THE PROBLEM
Retype each of the entries below exactly as written.

Start of EXTRACTED INFORMATION

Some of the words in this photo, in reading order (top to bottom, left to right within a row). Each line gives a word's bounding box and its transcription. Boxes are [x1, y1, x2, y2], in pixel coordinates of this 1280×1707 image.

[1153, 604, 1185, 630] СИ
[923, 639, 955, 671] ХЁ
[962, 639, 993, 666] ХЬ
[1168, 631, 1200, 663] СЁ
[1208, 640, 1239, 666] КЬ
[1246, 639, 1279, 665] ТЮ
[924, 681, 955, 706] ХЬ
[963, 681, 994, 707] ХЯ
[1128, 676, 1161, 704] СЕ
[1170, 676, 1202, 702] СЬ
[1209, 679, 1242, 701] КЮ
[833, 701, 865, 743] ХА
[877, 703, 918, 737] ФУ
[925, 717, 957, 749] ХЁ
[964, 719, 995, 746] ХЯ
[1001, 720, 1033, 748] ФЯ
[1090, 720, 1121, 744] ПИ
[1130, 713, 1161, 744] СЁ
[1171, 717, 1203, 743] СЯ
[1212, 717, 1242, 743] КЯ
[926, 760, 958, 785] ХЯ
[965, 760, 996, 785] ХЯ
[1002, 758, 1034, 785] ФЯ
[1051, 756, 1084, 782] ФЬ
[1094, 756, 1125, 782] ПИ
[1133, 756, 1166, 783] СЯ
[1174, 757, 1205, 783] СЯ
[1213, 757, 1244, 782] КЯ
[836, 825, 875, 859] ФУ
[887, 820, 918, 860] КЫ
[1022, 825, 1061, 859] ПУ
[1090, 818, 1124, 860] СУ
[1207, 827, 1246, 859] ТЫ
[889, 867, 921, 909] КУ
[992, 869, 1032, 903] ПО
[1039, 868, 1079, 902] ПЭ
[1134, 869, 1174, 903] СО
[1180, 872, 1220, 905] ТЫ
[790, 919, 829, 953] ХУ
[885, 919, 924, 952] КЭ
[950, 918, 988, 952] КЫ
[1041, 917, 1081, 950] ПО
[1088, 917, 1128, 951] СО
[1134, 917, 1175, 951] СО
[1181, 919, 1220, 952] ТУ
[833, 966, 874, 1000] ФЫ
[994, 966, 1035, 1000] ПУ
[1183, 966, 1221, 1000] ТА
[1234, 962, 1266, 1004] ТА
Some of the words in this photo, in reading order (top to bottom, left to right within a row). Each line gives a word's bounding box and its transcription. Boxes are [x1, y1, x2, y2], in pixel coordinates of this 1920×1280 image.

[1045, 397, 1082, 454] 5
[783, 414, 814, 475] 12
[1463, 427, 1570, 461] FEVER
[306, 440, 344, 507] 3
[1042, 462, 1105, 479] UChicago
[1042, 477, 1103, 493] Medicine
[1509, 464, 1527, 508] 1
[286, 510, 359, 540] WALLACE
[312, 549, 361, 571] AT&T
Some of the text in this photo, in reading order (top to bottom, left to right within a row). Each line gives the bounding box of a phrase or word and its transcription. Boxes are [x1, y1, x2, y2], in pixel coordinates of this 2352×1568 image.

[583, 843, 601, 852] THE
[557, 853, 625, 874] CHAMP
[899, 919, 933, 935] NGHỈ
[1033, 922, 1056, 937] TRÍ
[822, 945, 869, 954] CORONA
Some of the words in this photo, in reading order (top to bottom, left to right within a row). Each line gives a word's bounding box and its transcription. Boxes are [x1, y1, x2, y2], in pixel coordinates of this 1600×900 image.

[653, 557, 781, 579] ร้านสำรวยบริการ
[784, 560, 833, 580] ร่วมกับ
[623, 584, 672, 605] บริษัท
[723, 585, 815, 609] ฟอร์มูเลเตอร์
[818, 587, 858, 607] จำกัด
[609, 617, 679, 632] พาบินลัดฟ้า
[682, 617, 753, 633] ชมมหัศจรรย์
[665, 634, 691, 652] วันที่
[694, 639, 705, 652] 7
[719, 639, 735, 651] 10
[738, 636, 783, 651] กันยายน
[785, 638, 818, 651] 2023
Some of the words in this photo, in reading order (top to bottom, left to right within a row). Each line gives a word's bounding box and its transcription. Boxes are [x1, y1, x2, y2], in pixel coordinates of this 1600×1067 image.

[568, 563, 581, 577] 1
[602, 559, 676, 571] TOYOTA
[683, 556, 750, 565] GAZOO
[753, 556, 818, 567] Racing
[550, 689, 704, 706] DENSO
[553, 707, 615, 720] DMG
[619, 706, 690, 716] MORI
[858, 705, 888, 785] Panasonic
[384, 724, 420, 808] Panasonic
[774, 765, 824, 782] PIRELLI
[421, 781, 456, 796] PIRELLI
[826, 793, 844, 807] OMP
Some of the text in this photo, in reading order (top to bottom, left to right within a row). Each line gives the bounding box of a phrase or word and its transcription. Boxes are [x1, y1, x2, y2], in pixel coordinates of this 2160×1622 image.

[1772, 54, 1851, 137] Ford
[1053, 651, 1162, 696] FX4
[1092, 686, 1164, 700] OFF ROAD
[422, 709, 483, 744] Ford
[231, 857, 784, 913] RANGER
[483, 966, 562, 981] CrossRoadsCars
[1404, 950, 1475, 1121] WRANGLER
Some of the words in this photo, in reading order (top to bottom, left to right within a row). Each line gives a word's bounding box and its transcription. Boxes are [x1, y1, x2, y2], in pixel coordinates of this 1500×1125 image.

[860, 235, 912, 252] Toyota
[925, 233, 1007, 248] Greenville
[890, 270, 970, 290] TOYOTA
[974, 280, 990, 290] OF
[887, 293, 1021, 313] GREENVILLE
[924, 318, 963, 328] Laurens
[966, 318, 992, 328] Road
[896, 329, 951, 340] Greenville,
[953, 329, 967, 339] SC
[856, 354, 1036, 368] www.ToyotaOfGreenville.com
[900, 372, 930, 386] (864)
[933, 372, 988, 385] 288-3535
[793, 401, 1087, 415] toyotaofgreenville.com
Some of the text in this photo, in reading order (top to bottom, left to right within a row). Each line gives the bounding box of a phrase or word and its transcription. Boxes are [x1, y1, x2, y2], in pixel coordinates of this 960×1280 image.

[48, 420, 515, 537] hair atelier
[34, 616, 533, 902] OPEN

End of EXTRACTED INFORMATION

WRITTEN SOLUTION
Some of the words in this photo, in reading order (top to bottom, left to right within a row). Each line gives a word's bounding box and its transcription. Boxes are [x1, y1, x2, y2], in pixel coordinates of this 1280×1707 image.

[1153, 604, 1185, 630] СИ
[923, 639, 955, 671] ХЁ
[962, 639, 993, 666] ХЬ
[1168, 631, 1200, 663] СЁ
[1208, 640, 1239, 666] КЬ
[1246, 639, 1279, 665] ТЮ
[924, 681, 955, 706] ХЬ
[963, 681, 994, 707] ХЯ
[1128, 676, 1161, 704] СЕ
[1170, 676, 1202, 702] СЬ
[1209, 679, 1242, 701] КЮ
[833, 701, 865, 743] ХА
[877, 703, 918, 737] ФУ
[925, 717, 957, 749] ХЁ
[964, 719, 995, 746] ХЯ
[1001, 720, 1033, 748] ФЯ
[1090, 720, 1121, 744] ПИ
[1130, 713, 1161, 744] СЁ
[1171, 717, 1203, 743] СЯ
[1212, 717, 1242, 743] КЯ
[926, 760, 958, 785] ХЯ
[965, 760, 996, 785] ХЯ
[1002, 758, 1034, 785] ФЯ
[1051, 756, 1084, 782] ФЬ
[1094, 756, 1125, 782] ПИ
[1133, 756, 1166, 783] СЯ
[1174, 757, 1205, 783] СЯ
[1213, 757, 1244, 782] КЯ
[836, 825, 875, 859] ФУ
[887, 820, 918, 860] КЫ
[1022, 825, 1061, 859] ПУ
[1090, 818, 1124, 860] СУ
[1207, 827, 1246, 859] ТЫ
[889, 867, 921, 909] КУ
[992, 869, 1032, 903] ПО
[1039, 868, 1079, 902] ПЭ
[1134, 869, 1174, 903] СО
[1180, 872, 1220, 905] ТЫ
[790, 919, 829, 953] ХУ
[885, 919, 924, 952] КЭ
[950, 918, 988, 952] КЫ
[1041, 917, 1081, 950] ПО
[1088, 917, 1128, 951] СО
[1134, 917, 1175, 951] СО
[1181, 919, 1220, 952] ТУ
[833, 966, 874, 1000] ФЫ
[994, 966, 1035, 1000] ПУ
[1183, 966, 1221, 1000] ТА
[1234, 962, 1266, 1004] ТА
Some of the words in this photo, in reading order (top to bottom, left to right within a row). Each line gives a word's bounding box and its transcription. Boxes are [x1, y1, x2, y2], in pixel coordinates of this 1920×1280 image.

[1045, 397, 1082, 454] 5
[783, 414, 814, 475] 12
[1463, 427, 1570, 461] FEVER
[306, 440, 344, 507] 3
[1042, 462, 1105, 479] UChicago
[1042, 477, 1103, 493] Medicine
[1509, 464, 1527, 508] 1
[286, 510, 359, 540] WALLACE
[312, 549, 361, 571] AT&T
Some of the text in this photo, in reading order (top to bottom, left to right within a row). Each line gives the bounding box of a phrase or word and its transcription. Boxes are [x1, y1, x2, y2], in pixel coordinates of this 2352×1568 image.

[583, 843, 601, 852] THE
[557, 853, 625, 874] CHAMP
[899, 919, 933, 935] NGHỈ
[1033, 922, 1056, 937] TRÍ
[822, 945, 869, 954] CORONA
Some of the words in this photo, in reading order (top to bottom, left to right within a row). Each line gives a word's bounding box and its transcription. Boxes are [x1, y1, x2, y2], in pixel coordinates of this 1600×900 image.

[653, 557, 781, 579] ร้านสำรวยบริการ
[784, 560, 833, 580] ร่วมกับ
[623, 584, 672, 605] บริษัท
[723, 585, 815, 609] ฟอร์มูเลเตอร์
[818, 587, 858, 607] จำกัด
[609, 617, 679, 632] พาบินลัดฟ้า
[682, 617, 753, 633] ชมมหัศจรรย์
[665, 634, 691, 652] วันที่
[694, 639, 705, 652] 7
[719, 639, 735, 651] 10
[738, 636, 783, 651] กันยายน
[785, 638, 818, 651] 2023
Some of the words in this photo, in reading order (top to bottom, left to right within a row). Each line gives a word's bounding box and its transcription. Boxes are [x1, y1, x2, y2], in pixel coordinates of this 1600×1067 image.

[568, 563, 581, 577] 1
[602, 559, 676, 571] TOYOTA
[683, 556, 750, 565] GAZOO
[753, 556, 818, 567] Racing
[550, 689, 704, 706] DENSO
[553, 707, 615, 720] DMG
[619, 706, 690, 716] MORI
[858, 705, 888, 785] Panasonic
[384, 724, 420, 808] Panasonic
[774, 765, 824, 782] PIRELLI
[421, 781, 456, 796] PIRELLI
[826, 793, 844, 807] OMP
Some of the text in this photo, in reading order (top to bottom, left to right within a row). Each line gives the bounding box of a phrase or word and its transcription. Boxes are [x1, y1, x2, y2], in pixel coordinates of this 2160×1622 image.

[1772, 54, 1851, 137] Ford
[1053, 651, 1162, 696] FX4
[1092, 686, 1164, 700] OFF ROAD
[422, 709, 483, 744] Ford
[231, 857, 784, 913] RANGER
[483, 966, 562, 981] CrossRoadsCars
[1404, 950, 1475, 1121] WRANGLER
Some of the words in this photo, in reading order (top to bottom, left to right within a row). Each line gives a word's bounding box and its transcription. Boxes are [x1, y1, x2, y2], in pixel coordinates of this 1500×1125 image.

[860, 235, 912, 252] Toyota
[925, 233, 1007, 248] Greenville
[890, 270, 970, 290] TOYOTA
[974, 280, 990, 290] OF
[887, 293, 1021, 313] GREENVILLE
[924, 318, 963, 328] Laurens
[966, 318, 992, 328] Road
[896, 329, 951, 340] Greenville,
[953, 329, 967, 339] SC
[856, 354, 1036, 368] www.ToyotaOfGreenville.com
[900, 372, 930, 386] (864)
[933, 372, 988, 385] 288-3535
[793, 401, 1087, 415] toyotaofgreenville.com
Some of the text in this photo, in reading order (top to bottom, left to right within a row). Each line gives the bounding box of a phrase or word and its transcription. Boxes are [x1, y1, x2, y2], in pixel coordinates of this 960×1280 image.

[48, 420, 515, 537] hair atelier
[34, 616, 533, 902] OPEN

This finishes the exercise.